▶ **Work to be completed**
Strip the pictures, then copy the remaining data exactly as it stands.

▶ **The input**
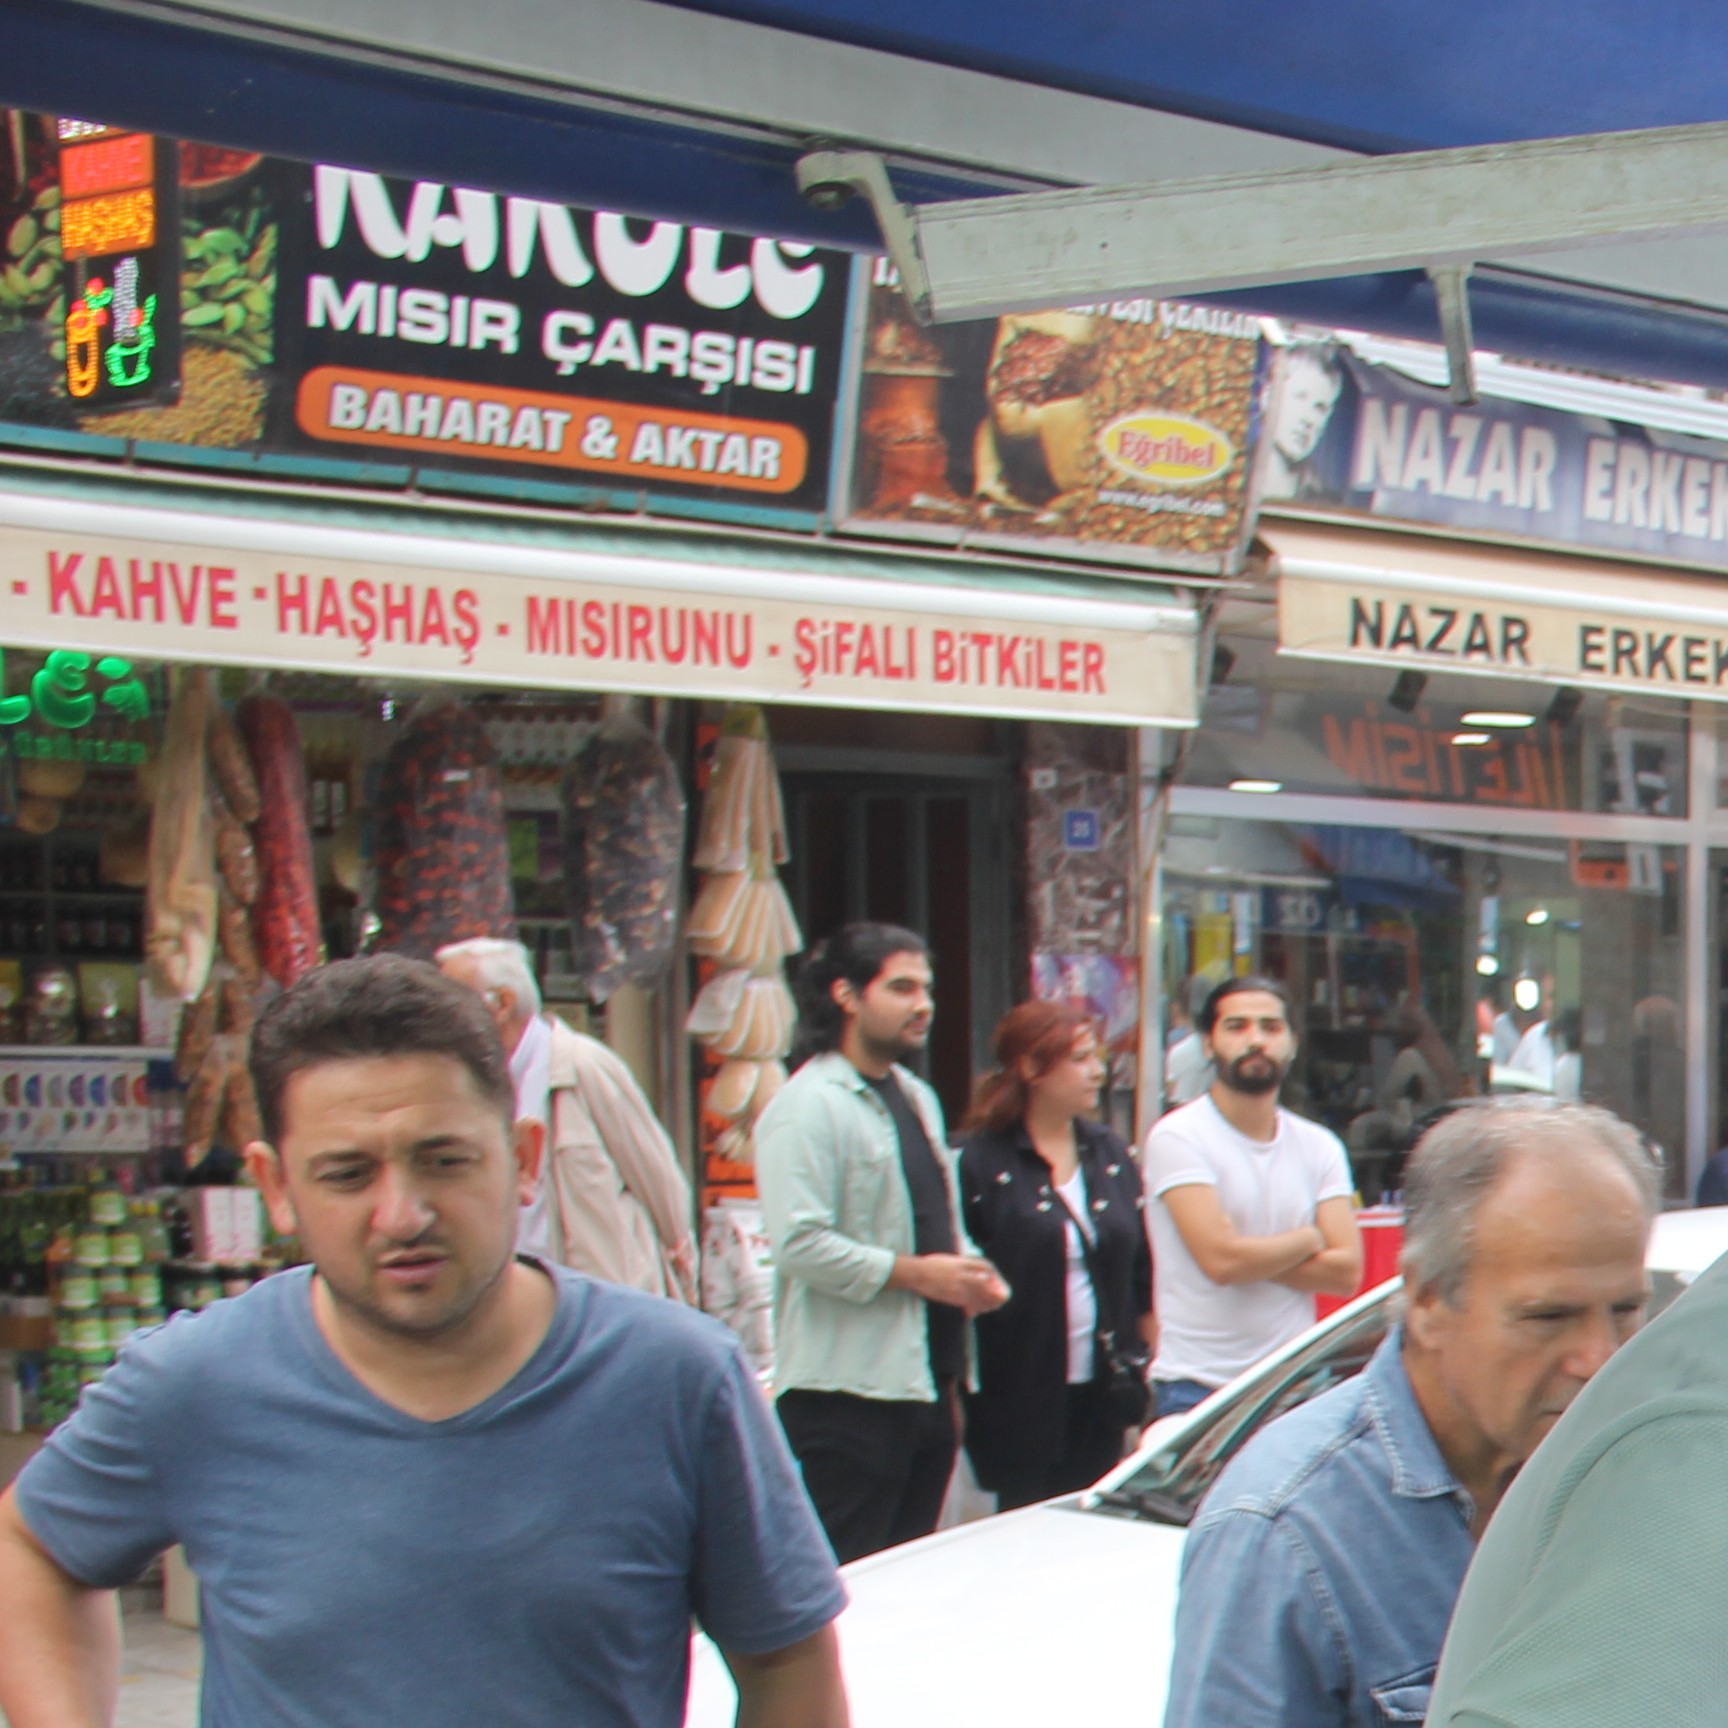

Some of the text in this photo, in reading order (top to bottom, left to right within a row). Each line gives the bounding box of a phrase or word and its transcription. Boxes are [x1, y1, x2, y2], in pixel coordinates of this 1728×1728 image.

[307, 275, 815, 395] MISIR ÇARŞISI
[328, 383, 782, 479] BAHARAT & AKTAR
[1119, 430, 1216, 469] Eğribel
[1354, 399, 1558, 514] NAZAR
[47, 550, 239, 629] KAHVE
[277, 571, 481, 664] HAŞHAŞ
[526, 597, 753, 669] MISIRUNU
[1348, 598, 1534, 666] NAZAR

▶ **Exercise solution**
Some of the text in this photo, in reading order (top to bottom, left to right within a row). Each line gives the bounding box of a phrase or word and its transcription. Boxes are [x1, y1, x2, y2], in pixel coordinates of this 1728×1728 image.

[307, 275, 815, 395] MISIR ÇARŞISI
[328, 383, 782, 479] BAHARAT & AKTAR
[1119, 430, 1216, 469] Eğribel
[1354, 399, 1558, 514] NAZAR
[47, 550, 239, 629] KAHVE
[277, 571, 481, 664] HAŞHAŞ
[526, 597, 753, 669] MISIRUNU
[1348, 598, 1534, 666] NAZAR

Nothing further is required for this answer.